═════ Given records ═════
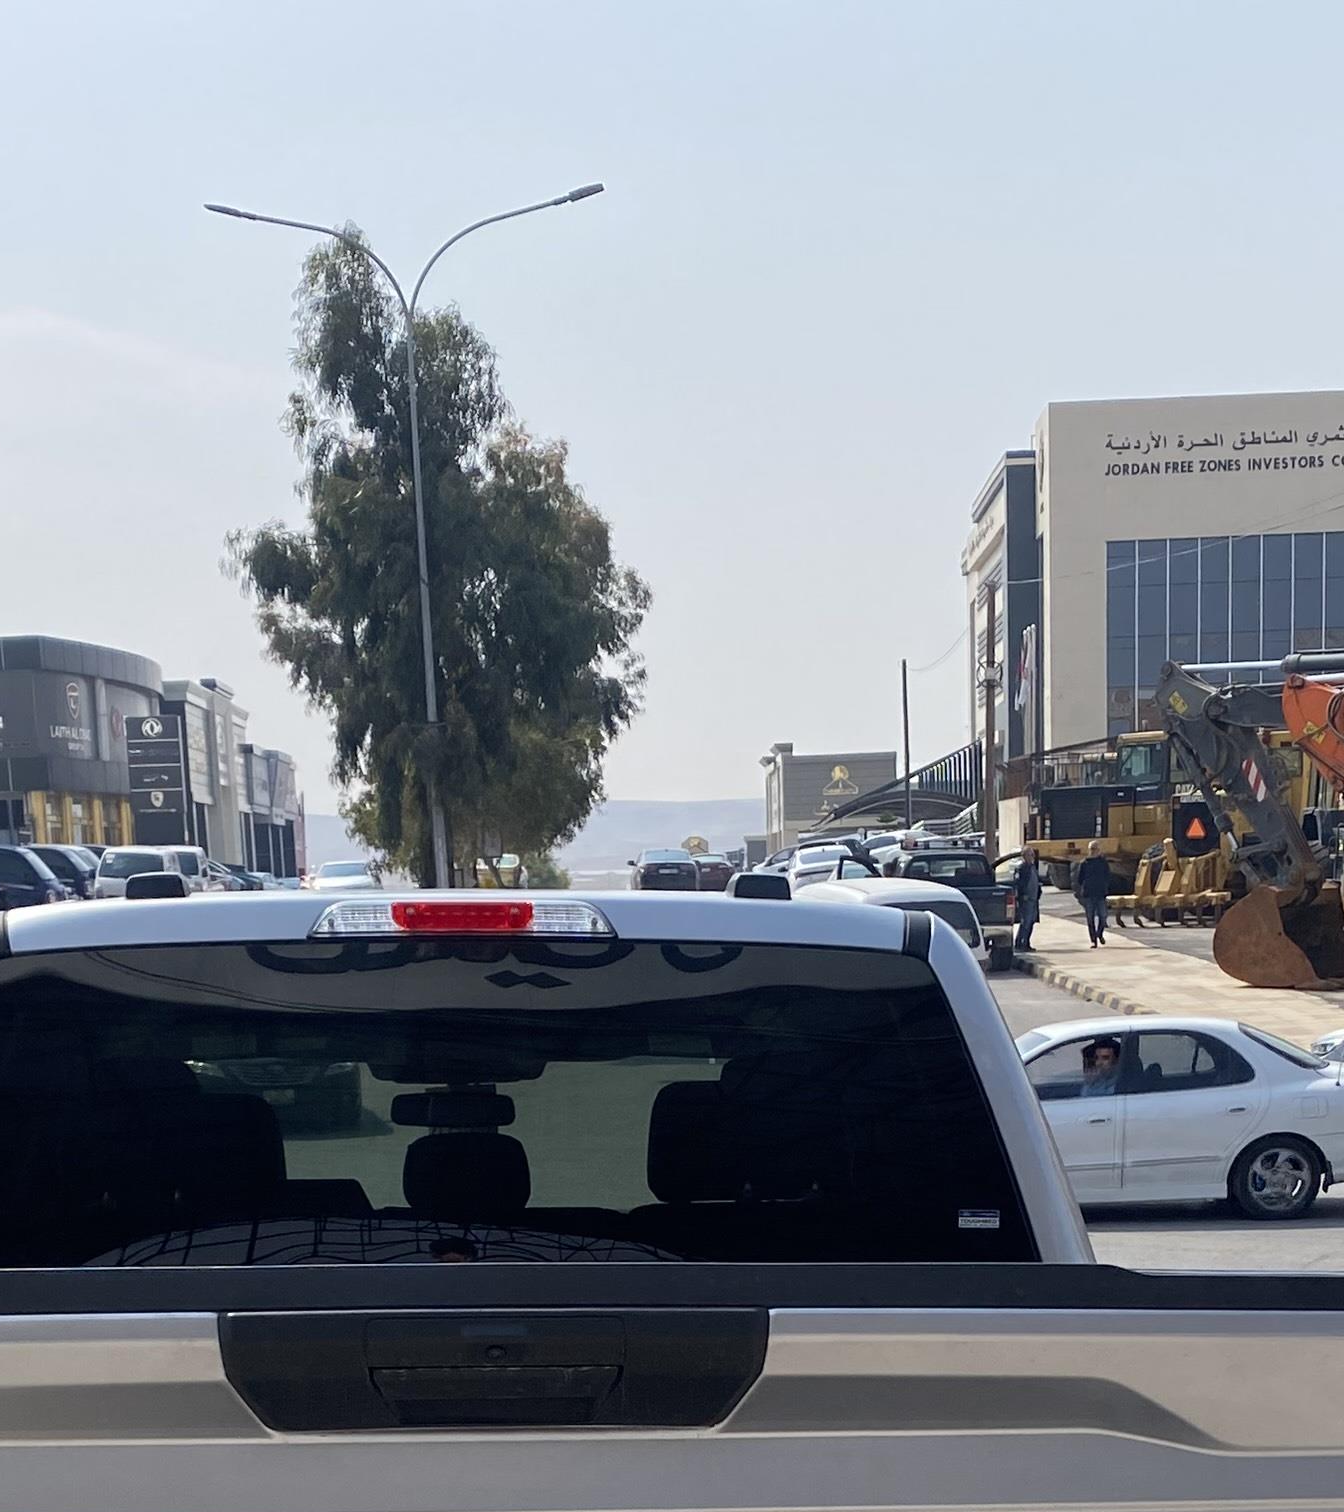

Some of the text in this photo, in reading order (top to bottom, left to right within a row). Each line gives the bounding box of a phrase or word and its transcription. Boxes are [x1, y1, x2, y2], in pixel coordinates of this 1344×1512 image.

[1105, 431, 1167, 455] الأردنية
[1176, 432, 1224, 451] الحرة
[1232, 429, 1298, 451] المناطق
[1105, 462, 1161, 476] JORDAN
[1164, 461, 1194, 474] FREE
[1199, 458, 1241, 473] ZONES
[1248, 455, 1324, 471] INVESTORS
═════
Problem requirements
Please retype the listing in full, exactly as given, and skip every image.

Answer space
Some of the text in this photo, in reading order (top to bottom, left to right within a row). Each line gives the bounding box of a phrase or word and its transcription. Boxes are [x1, y1, x2, y2], in pixel coordinates of this 1344×1512 image.

[1105, 431, 1167, 455] الأردنية
[1176, 432, 1224, 451] الحرة
[1232, 429, 1298, 451] المناطق
[1105, 462, 1161, 476] JORDAN
[1164, 461, 1194, 474] FREE
[1199, 458, 1241, 473] ZONES
[1248, 455, 1324, 471] INVESTORS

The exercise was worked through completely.